Where the application of Strickland was straightforward, rooted in 15 years of professional standards and the Court’s prior St. Cyr decision, there is no reason to put these lower court cases, many from more than a decade earlier, ahead of this Court’s simple and clear reasoning in Padilla. Nevertheless, the majority reaches the paradoxical conclusion that by declining to apply a collateral-consequence doctrine the Court had never adopted, Padilla announced a new rule.
HH H-<
What truly appears to drive the majority’s analysis is its sense that Padilla occasioned a serious disruption in lower court decisional reasoning. See, e. g., ante, at 353 (“If that *370does not count as ‘breaking] new ground’ ... we are hard pressed to know what would” (quoting Teague, 489 U. S., at 301)). The concurring and dissenting opinions in Padilla similarly reflected the impression that it was a significant and destabilizing decision. See 559 U. S., at 377 (Alito, J., concurring in judgment); id., at 392 (Scalia, J., dissenting) (describing the majority opinion as a “sledge hammer”); ante, at 352, n. 10. But the fact that a decision was perceived as momentous or consequential, particularly by those who disagreed with it, does not control in the Teague analysis. Faithfully applying the Teague rule depends instead on an examination of this Court’s reasoning and an objective assessment of the precedent at issue. Stringer, 503 U. S., at 237. In Padilla, we did nothing more than apply Strickland. By holding to the contrary, today’s decision deprives defendants of the fundamental protection of Strickland, which requires that lawyers comply with professional norms with respect to any advice they provide to clients.
* * *
Accordingly, I would reverse the judgment of the Seventh Circuit and hold that Padilla applies retroactively on collateral review to convictions that became final before its announcement. With respect, I dissent.

 See, e. g., Lafler v. Cooper, 566 U. S. 156, 170-172 (2012) (incorrect advice leading to a plea offer’s rejection); Rompilla v. Beard, 545 U. S. 374 (2005) (failure to investigate evidence the prosecution intended to use to prove an aggravating circumstance in a capital ease); Wiggins v. Smith, 539 U. S. 510 (2003) (failure to investigate a defendant’s social history in a capital case); Roe v.
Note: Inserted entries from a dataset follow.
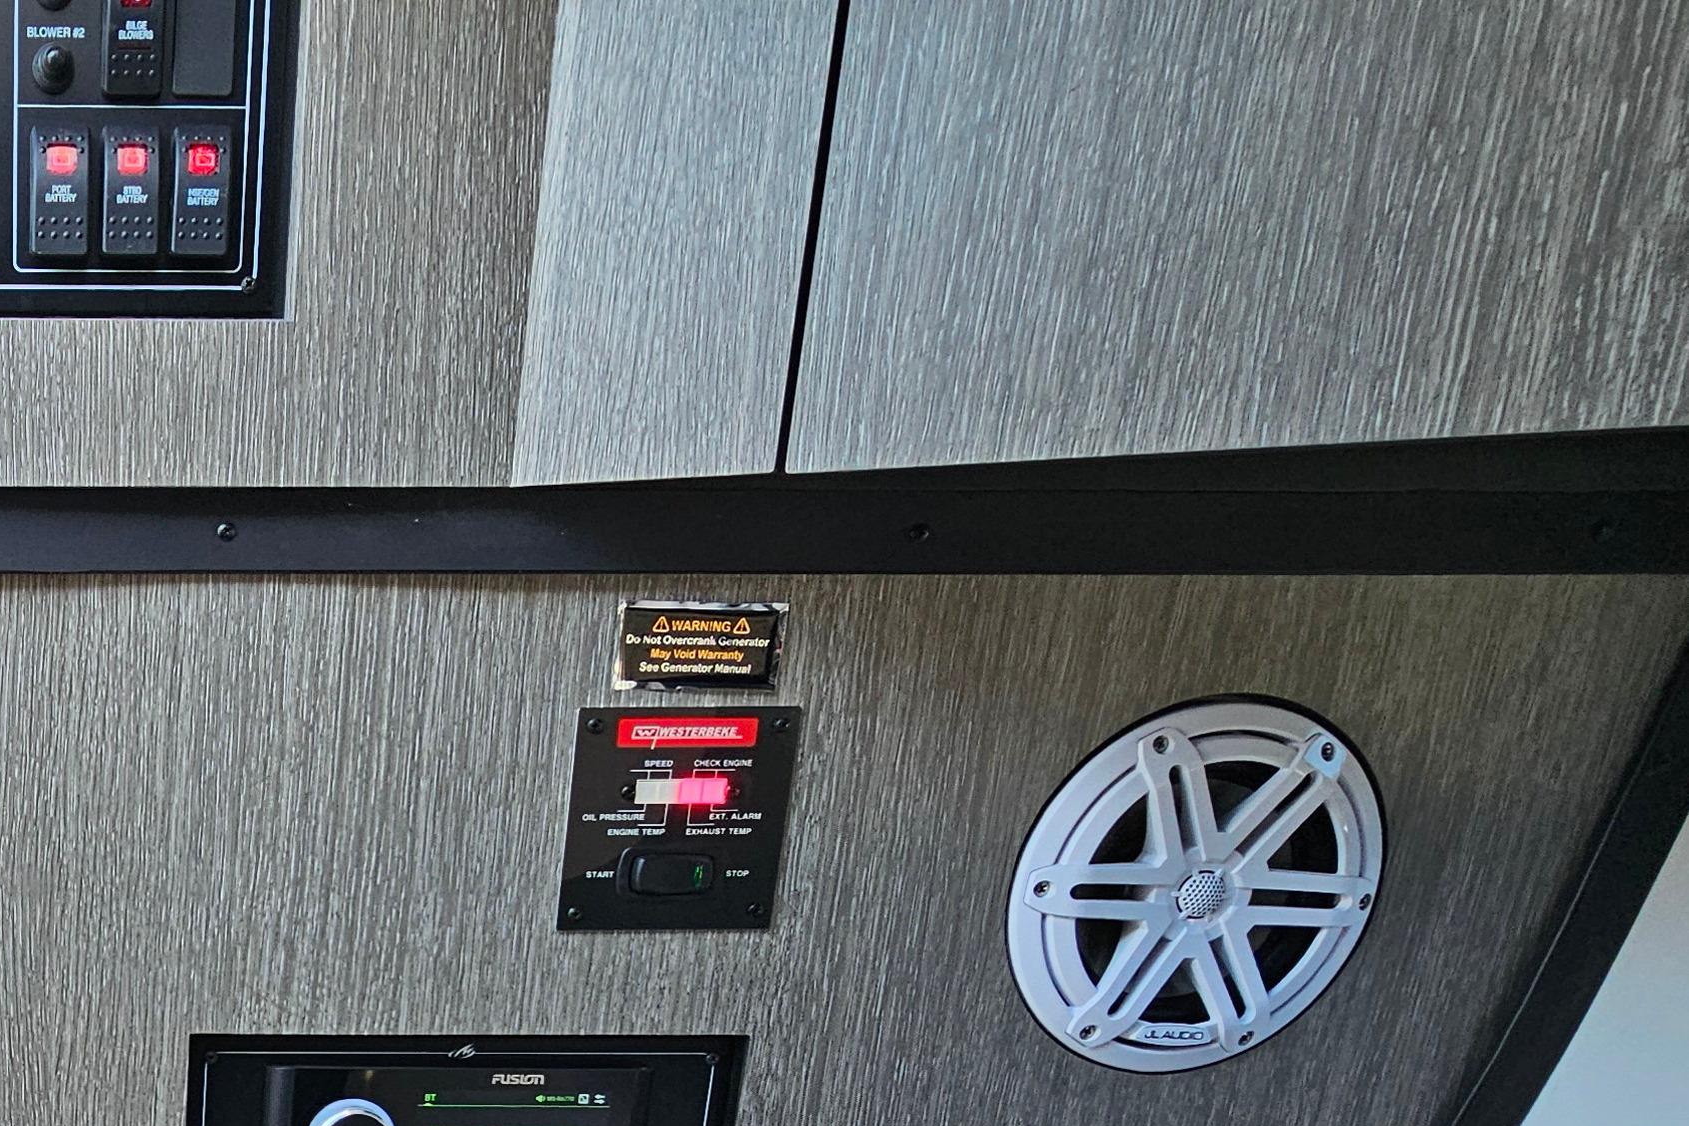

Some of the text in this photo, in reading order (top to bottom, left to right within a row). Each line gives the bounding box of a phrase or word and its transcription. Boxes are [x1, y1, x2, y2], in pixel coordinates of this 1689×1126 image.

[26, 27, 85, 39] BLOWER #2
[44, 193, 78, 203] BATTERY
[116, 194, 149, 204] BATTERY
[672, 620, 731, 632] WARNING
[626, 634, 770, 647] Do Not Overcrank Generator
[650, 648, 744, 662] May Void Warranty
[639, 662, 751, 674] See Generator Manual
[658, 726, 738, 738] WESTERBEKE
[644, 760, 673, 768] SPEED
[694, 759, 753, 767] CHECK ENGINE
[582, 813, 645, 822] OIL PRESSURE
[709, 813, 762, 821] EXT. ALARM
[607, 828, 640, 836] ENGINE
[685, 828, 752, 836] EXHAUST TEMP
[586, 870, 614, 879] START
[726, 870, 750, 878] STOP
[1161, 1031, 1204, 1040] AUDIO
[491, 1074, 545, 1085] FUSION
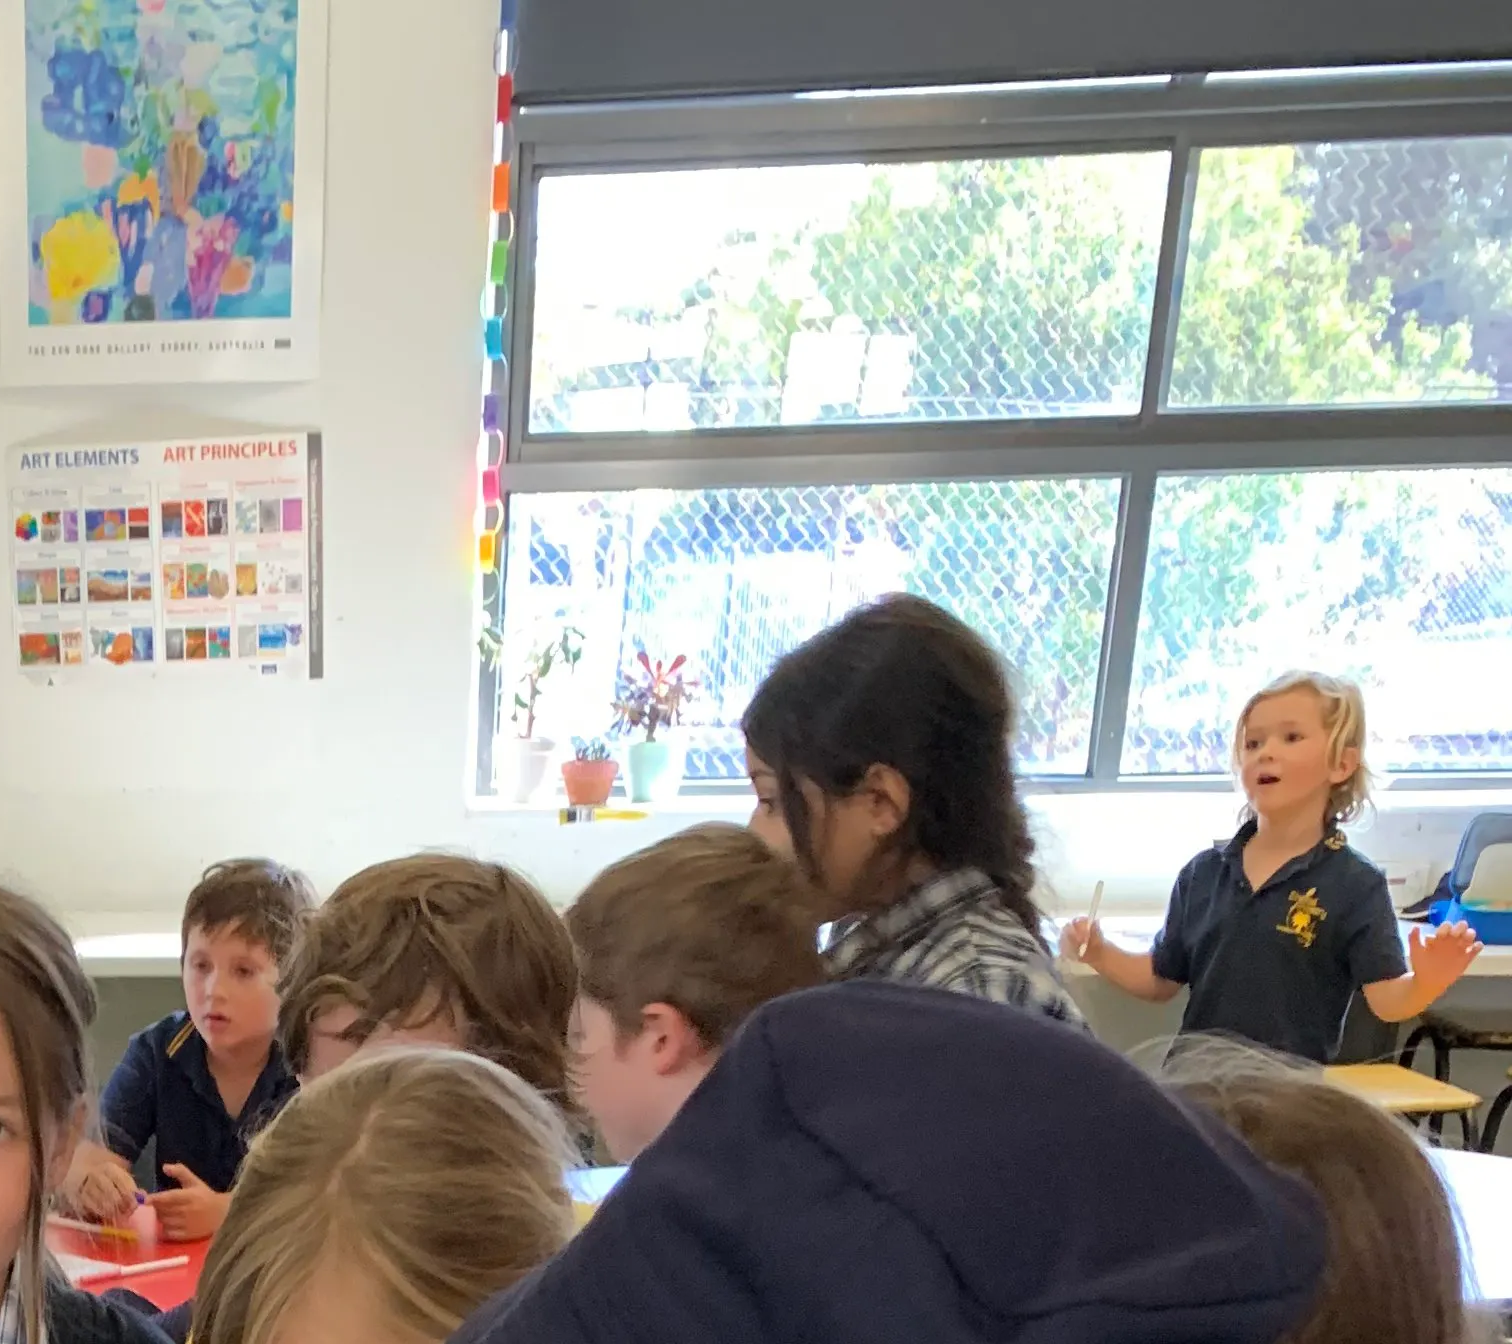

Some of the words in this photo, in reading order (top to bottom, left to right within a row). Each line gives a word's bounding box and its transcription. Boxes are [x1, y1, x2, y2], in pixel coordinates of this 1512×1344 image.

[20, 451, 51, 470] ART
[55, 448, 140, 469] ELEMENTS
[163, 445, 196, 463] ART
[200, 439, 298, 461] PRINCIPLES
Flores-Ortega, 528 U. S. 470 (2000) (failure to consult with a defendant regarding whether to pursue an appeal); Williams v. Taylor, 529 U. S. 362, 391 (2000) (failure to investigate a defendant's background for the purposes of mitigation evidence in a capital case); Hill v. Lockhart, 474 U. S. 52 (1985) (failure to provide effective assistance during plea negotiations).

 AEDPA of course differs from the Teague rule in other important respects. See, e. g., Greene v. Fisher, 565 U. S. 34, 39 (2011). But these differences aside, the fact that we have repeatedly found AEDPA eases involving Strickland to be controlled by established precedent underscores that the application of Strickland in a new context should almost never result in a new rule.

 Even before IIRIRA and St. Cyr, lawyers of course understood that it was good practice to inform clients of the deportation consequences of a plea. See ante, at 357, n. 15 (citing 3 ABA Project on Standards for Criminal Justice, Standards Relating to Pleas of Guilty § 3.2(b), Commentary, p. 71 (App. Draft' 1968)). Following the sea change in immigration law, however, the professional norms had become so established and universally recognized that the measure of constitutionally adequate performance now included giving such advice in the form Padilla recognized. See 559 U. S., at 367-368.

 See, e. g., INS v. St. Cyr, 533 U. S. 289, 322 (2001) (noting that “[p]reserving the client’s right to remain in the United States may be more important... than any potential jail sentence” (internal quotation marks omitted)); Jordan v. De George, 341 U. S. 223, 243 (1951) (Jackson, J., dissenting) (deportation proceedings “practically . . . are [criminal] for they extend the criminal process of sentencing to include on the same convictions an additional punishment”); Fong Haw Tan v. Phelan, 333 U. S. 6, 10 *365(1948) (“[D]eportation is a drastic measure and at times the equivalent of banishment or exile”); Ng Fung Ho v. White, 259 U. S. 276, 284 (1922) (deportation may result in “loss of both property and life; or of all that makes life worth living”); Fong Yue Ting v. United States, 149 U. S. 698, 740 (1893) (Brewer, J., dissenting) (“Every one knows that to be forcibly taken away from home, and family, and friends, and business, and property, and sent across the ocean to a distant land, is punishment; and that oftentimes most severe and cruel”).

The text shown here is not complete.